Description of the task: Each entry below is to be returned exactly, with any pictures left out.

------------------------------------

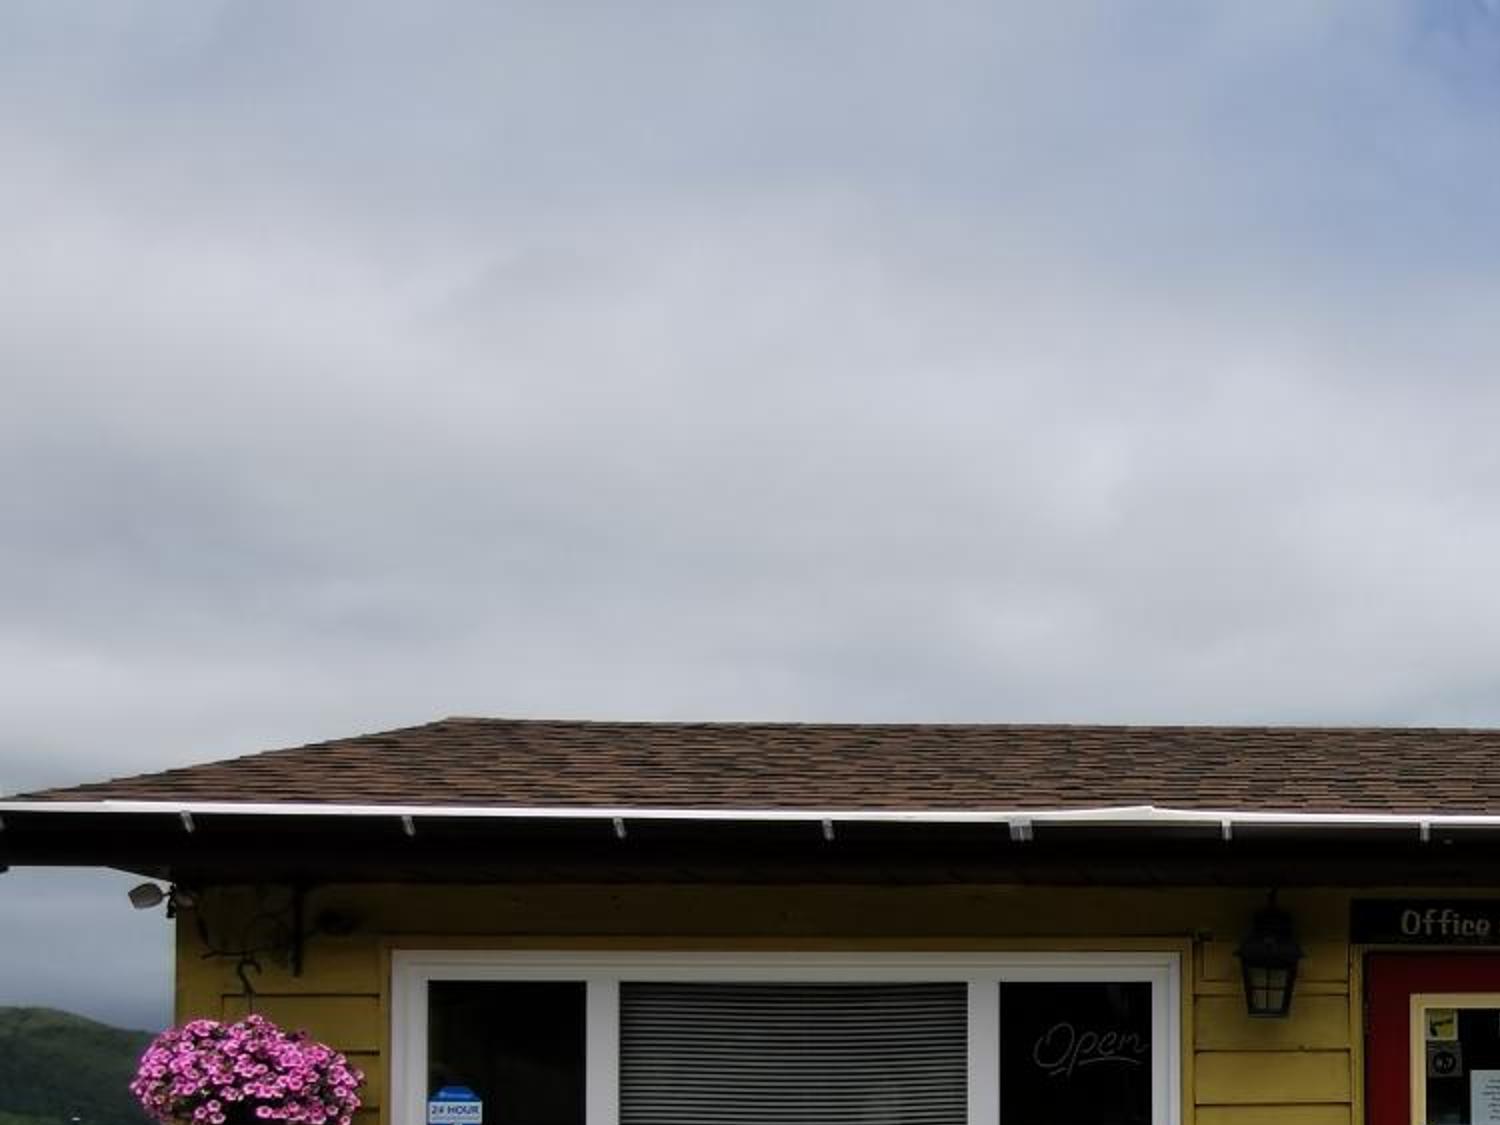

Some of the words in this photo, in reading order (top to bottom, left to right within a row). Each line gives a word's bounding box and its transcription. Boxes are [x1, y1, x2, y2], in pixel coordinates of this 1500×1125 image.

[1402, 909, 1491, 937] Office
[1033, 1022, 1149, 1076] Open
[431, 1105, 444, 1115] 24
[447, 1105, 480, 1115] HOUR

------------------------------------

The completed task:
Some of the words in this photo, in reading order (top to bottom, left to right within a row). Each line gives a word's bounding box and its transcription. Boxes are [x1, y1, x2, y2], in pixel coordinates of this 1500×1125 image.

[1402, 909, 1491, 937] Office
[1033, 1022, 1149, 1076] Open
[431, 1105, 444, 1115] 24
[447, 1105, 480, 1115] HOUR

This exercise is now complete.